Measurements of 25-hydroxyvitamin D concentrations in archived dried blood spots are reliable and accurately reflect those in plasma.

CONTEXT

Recognition that vitamin D might be associated with many chronic diseases has led to large-scale epidemiological and clinical studies. Dried blood spots (DBS) are a useful resource for these studies. Consequently, accurate, efficient, and inexpensive assays to quantify 25-hydroxyvitamin D (25OHD) in DBS are required.

OBJECTIVE

This study evaluated the validity and reliability of a liquid chromatography-tandem mass spectrometry assay for measuring 25OHD in archived DBS and compared measurements of 25OHD in DBS with those in plasma.

DESIGN AND PARTICIPANTS

Sixty-two participants in the Melbourne Collaborative Cohort Study who had plasma and matching DBS stored since study entry in the early 1990s were randomly selected for a study calibrating 25OHD concentrations in DBS with plasma.

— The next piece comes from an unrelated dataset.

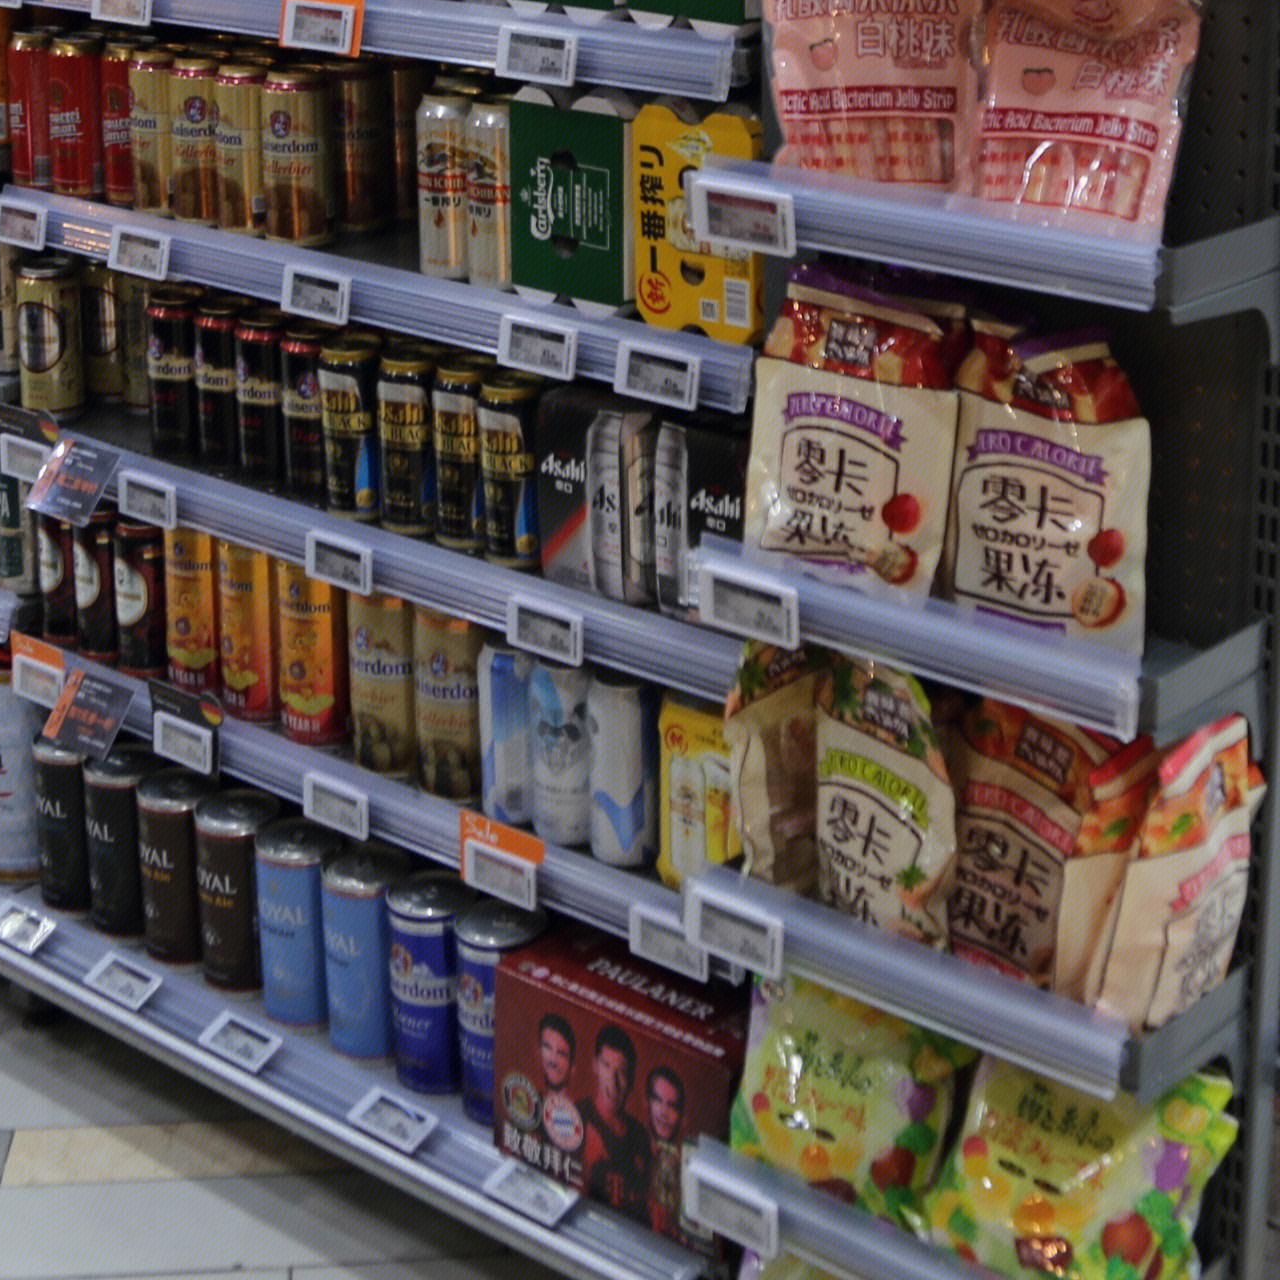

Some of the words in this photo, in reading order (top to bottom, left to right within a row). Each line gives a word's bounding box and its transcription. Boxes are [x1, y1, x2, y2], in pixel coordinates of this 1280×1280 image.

As part of a study of vitamin D and mortality, cancer, and diabetes, we also assessed the reliability of measurements from DBS using 500 replicates placed randomly within 31 batches run over 15 months.

OUTCOME MEASURE

25OHD concentrations were measured by liquid chromatography-tandem mass spectrometry.

RESULTS

There was good agreement between measurements of 25OHD from DBS and plasma; R(2) = 0.73 from a regression of plasma concentration on DBS concentration. The within-batch and between-batch intraclass correlations from the 500 replicate measurements were 0.82 (95% confidence interval, 0.80, 0.85) and 0.73 (95% confidence interval, 0.68, 0.78), respectively.

CONCLUSIONS

Measuring 25OHD in DBS is a valid and reliable alternative to measuring 25OHD in sera or plasma. A simple calibration model was developed to convert measurements from DBS to equivalent plasma measurements, thus enabling comparisons against clinical reference ranges and with studies using sera or plasma samples.